乙肝e抗原(HBV e antigen,HBeAg)为HBV感染的病毒学标志物被广泛应用于临床,具有重要的临床价值。HBeAg不是病毒体的必要结构成分,并且它似乎也不参与病毒复制周期。HBeAg在围产期感染HBV后的慢性化过程中发挥了重要作用,HBeAg阳性母亲的新生儿,在围产期感染HBV后,往往会出现慢性HBV感染。HBeAg消失而HBeAb出现的转换过程,通常情况下(除外前C/C基因变异所致)意味着病毒复制水平的降低和肝脏炎症活动程度的减弱;因此,国内外学者一直都将HBeAg血清学转换作为评价抗病毒治疗疗效的重要指标之一。
HBeAg的检测方法有很多,主要是基于抗原-抗体反应的夹心方法。该方法具有成本低、操作简单、适用于大规模筛选等优点,是目前最为常用的检测方法。近年来,相继有新的检测方法与技术问世,包括微粒子酶免疫分析、化学发光免疫分析和时间分辨荧光免疫测定法等方法,这些方法均是在原始的双抗体夹心法的基础上进行了优化和升级。这些方法大多主要是基于抗原和抗体特异性的结合反应,总体而言,特异性好且敏感性高的单克隆抗体始终是各种方法与技术发展的基础与前提。

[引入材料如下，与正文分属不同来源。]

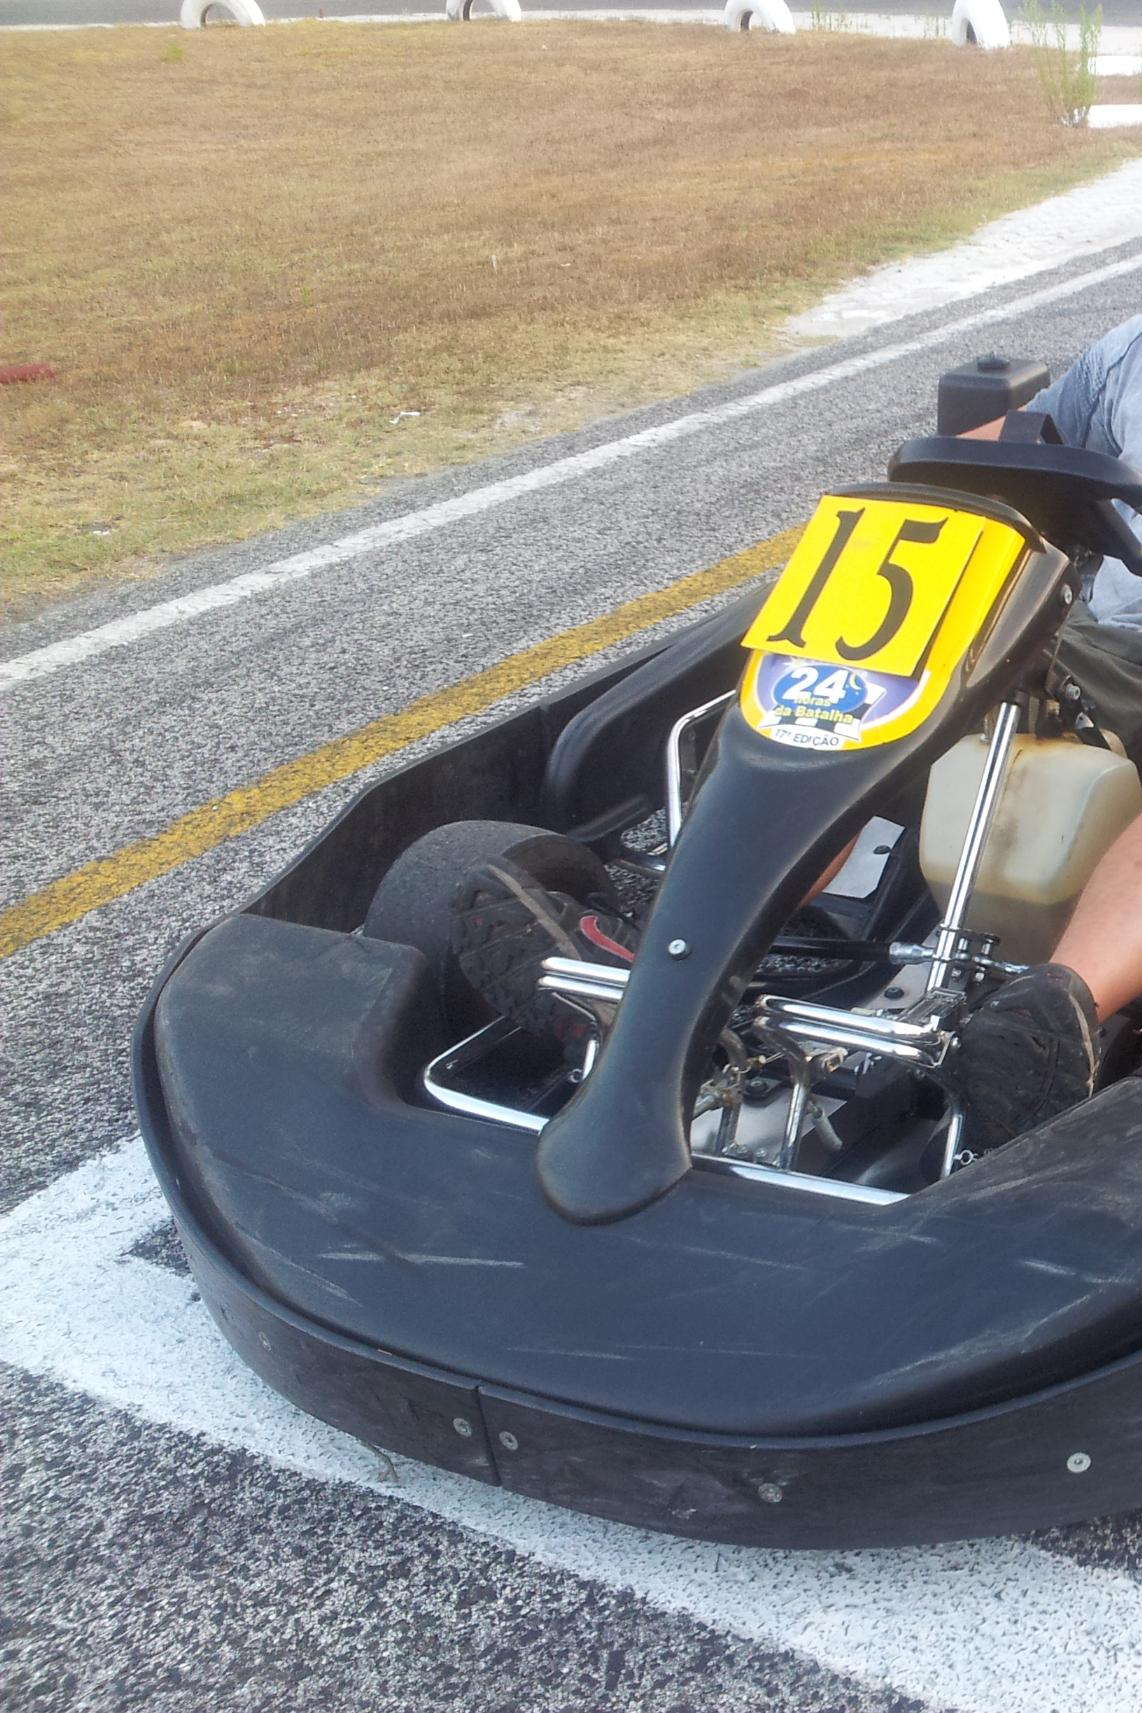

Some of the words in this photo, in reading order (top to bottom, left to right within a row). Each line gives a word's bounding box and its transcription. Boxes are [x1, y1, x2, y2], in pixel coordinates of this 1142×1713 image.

[766, 507, 948, 661] 15
[782, 667, 847, 704] 24
[774, 705, 792, 718] da
[795, 706, 854, 725] Batalha
[793, 732, 840, 747] EDIÇÃO

目前检测HBeAg的抗体来源少,亲和力、灵敏度和特异性等性能都存在缺陷。因此,亟需性能更优、效果更好的检测HBeAg的抗体。
发明内容
本发明要解决的技术问题是克服现有检测HBeAg的抗体性能不好的缺陷和不足,提供抗HBeAg抗体或其抗原结合片段及其应用。本发明抗HBeAg抗体对HBeAg的亲和力高、结合活性高,稳定性高,能够广泛应用于检测/诊断HBV感染。

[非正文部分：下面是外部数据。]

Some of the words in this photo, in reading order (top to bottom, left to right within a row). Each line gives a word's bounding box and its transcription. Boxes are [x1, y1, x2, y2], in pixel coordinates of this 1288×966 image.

本发明的目的是提供抗HBeAg抗体或其抗原结合片段,所述抗体含有以下CDRs:
氨基酸序列如SEQ ID NO.1所示的HCDR1,氨基酸序列如SEQ ID NO.2所示的HCDR2,氨基酸序列如SEQ ID NO.3所示的HCDR3;氨基酸序列如SEQ ID NO.4所示的LCDR1,氨基酸序列如SEQ ID NO.5所示的LCDR2,氨基酸序列如SEQ ID NO.6所示的LCDR3。
本发明另一目的是提供所述抗HBeAg抗体或其抗原结合片段相关的核酸、载体或细胞。
本发明还提供了所述抗HBeAg抗体或其抗原结合片段,及其相关的核酸、载体或细胞在制备用于检测/诊断HBV感染的试剂/试剂盒中的应用。
本发明还提供了一种用于检测/诊断HBV感染的试剂/试剂盒,含有所述抗体或其抗原结合片段、所述核酸、所述载体或所述细胞。
本发明还提供了一种检测HBeAg的方法,将所述抗体或其抗原结合片段与待测样本接触。
附图说明
图1是11B5RMb1抗体的还原性SDS-PAGE结果。
具体实施方式
以下结合具体实施例来进一步说明本发明,但实施例并不对本发明做任何形式的限定。除非特别说明,本发明采用的试剂、方法和设备为本技术领域常规试剂、方法和设备。
本发明涉及抗HBeAg抗体或其抗原结合片段,所述抗体含有以下CDRs:
氨基酸序列如SEQ ID NO.1所示的HCDR1,氨基酸序列如SEQ ID NO.2所示的HCDR2,氨基酸序列如SEQ ID NO.3所示的HCDR3;氨基酸序列如SEQ ID NO.4所示的LCDR1,氨基酸序列如SEQ ID NO.5所示的LCDR2,氨基酸序列如SEQ ID NO.6所示的LCDR3。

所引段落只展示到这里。